Record excerpts>
::::::::::
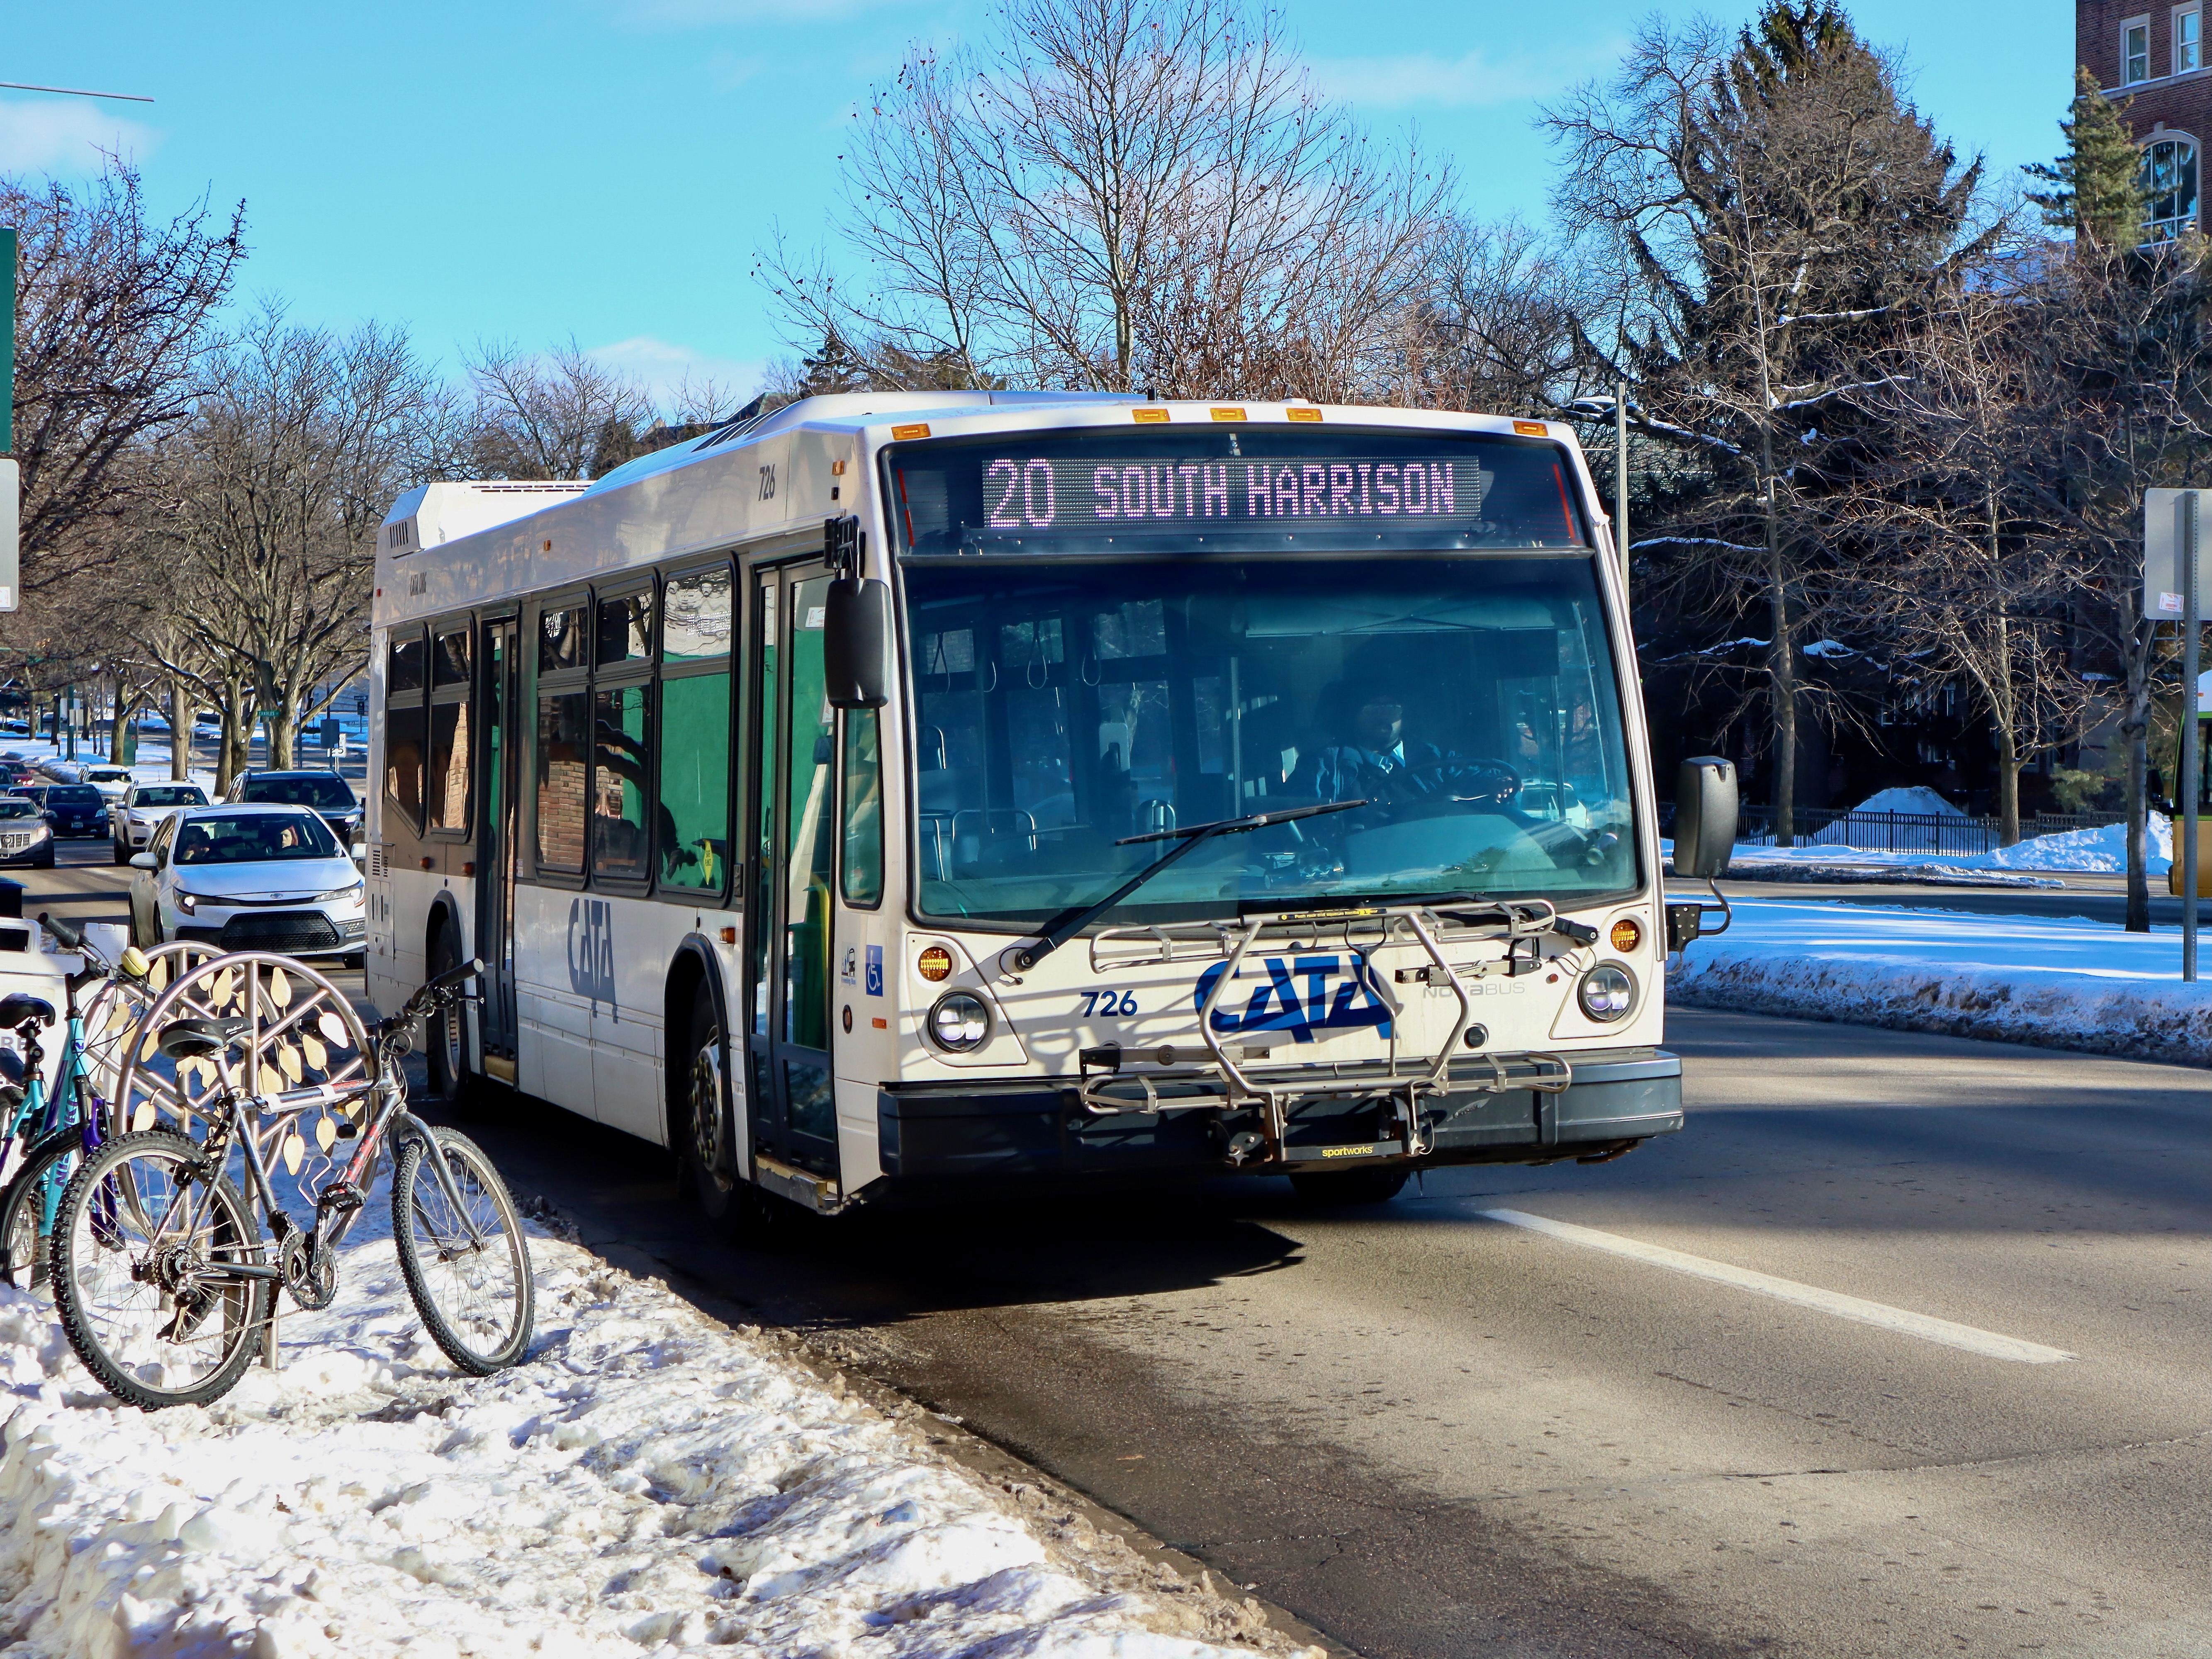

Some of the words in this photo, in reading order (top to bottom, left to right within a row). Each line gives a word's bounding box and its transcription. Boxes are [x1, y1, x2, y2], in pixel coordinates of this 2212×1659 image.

[758, 464, 775, 501] 726
[988, 459, 1054, 528] 20
[1094, 465, 1227, 518] SOUTH
[1247, 463, 1455, 516] HARRISON
[567, 898, 618, 1024] CATA
[1080, 990, 1137, 1018] 726
[1194, 955, 1399, 1043] CATA
[1322, 1146, 1373, 1158] sportworks
::::::::::
Your task>
Could you copy each line above exactly as written, minus any pictures?

Result>
Some of the words in this photo, in reading order (top to bottom, left to right within a row). Each line gives a word's bounding box and its transcription. Boxes are [x1, y1, x2, y2], in pixel coordinates of this 2212×1659 image.

[758, 464, 775, 501] 726
[988, 459, 1054, 528] 20
[1094, 465, 1227, 518] SOUTH
[1247, 463, 1455, 516] HARRISON
[567, 898, 618, 1024] CATA
[1080, 990, 1137, 1018] 726
[1194, 955, 1399, 1043] CATA
[1322, 1146, 1373, 1158] sportworks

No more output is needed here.